Could you repeat every line below exactly, skipping the images?

**Material for the task:**
************
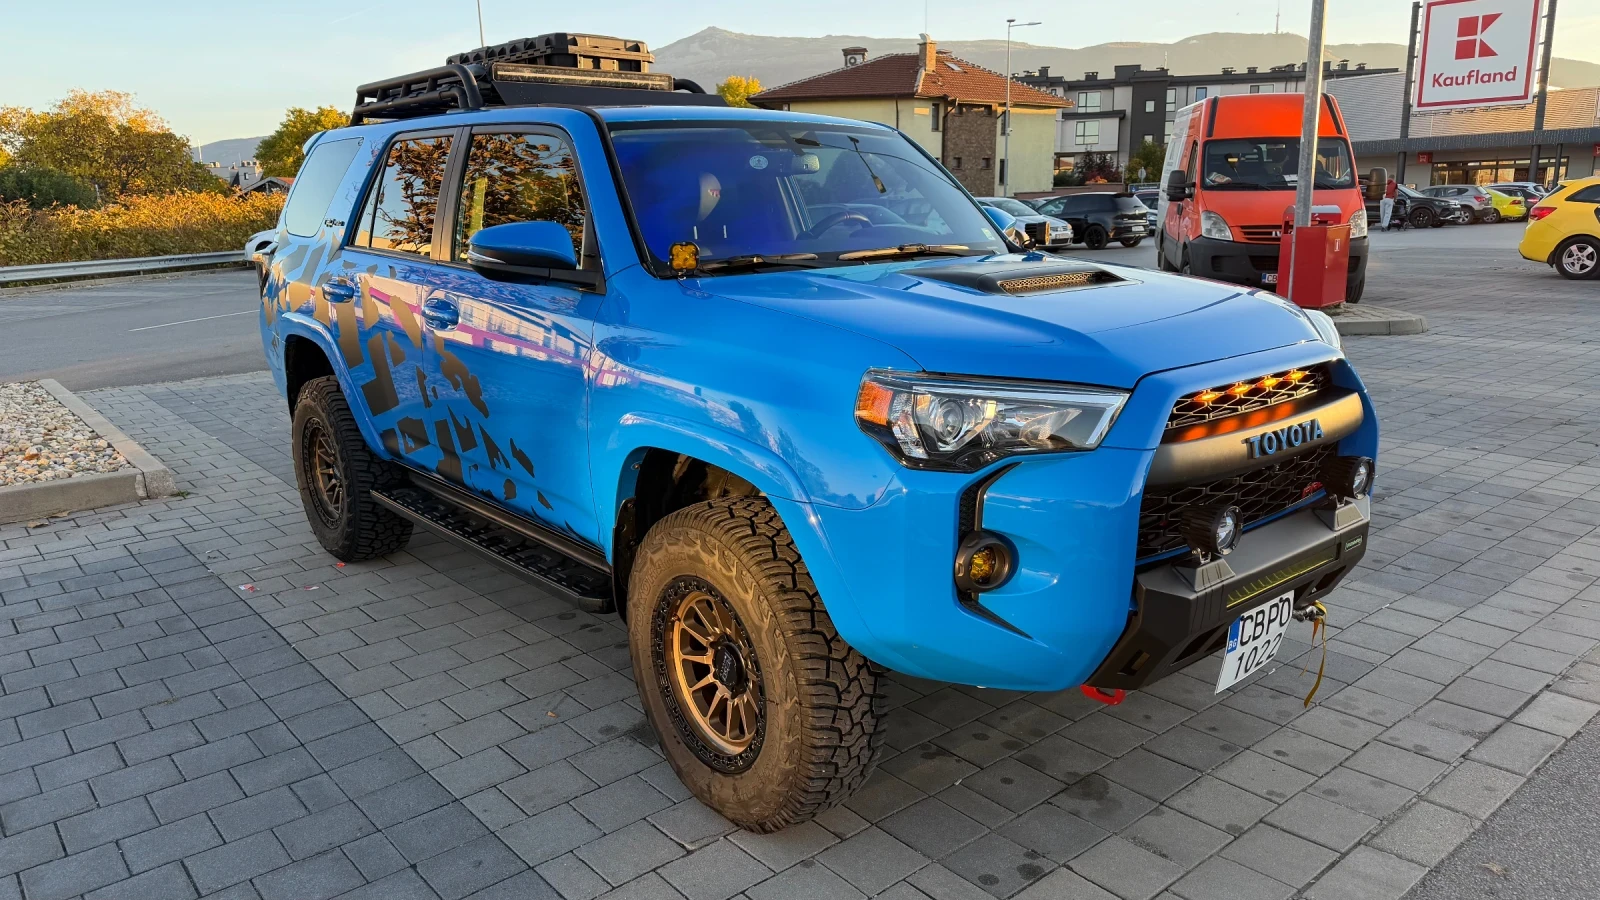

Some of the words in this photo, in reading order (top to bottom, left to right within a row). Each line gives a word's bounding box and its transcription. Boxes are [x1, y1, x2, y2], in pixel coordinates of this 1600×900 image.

[1432, 66, 1517, 88] Kaufland
[1247, 419, 1324, 459] TOYOTA
[1240, 597, 1291, 646] CBPO
[1227, 638, 1238, 650] BG
[1234, 632, 1283, 680] 1022
************
**Exercise answer:**
Some of the words in this photo, in reading order (top to bottom, left to right within a row). Each line gives a word's bounding box and its transcription. Boxes are [x1, y1, x2, y2], in pixel coordinates of this 1600×900 image.

[1432, 66, 1517, 88] Kaufland
[1247, 419, 1324, 459] TOYOTA
[1240, 597, 1291, 646] CBPO
[1227, 638, 1238, 650] BG
[1234, 632, 1283, 680] 1022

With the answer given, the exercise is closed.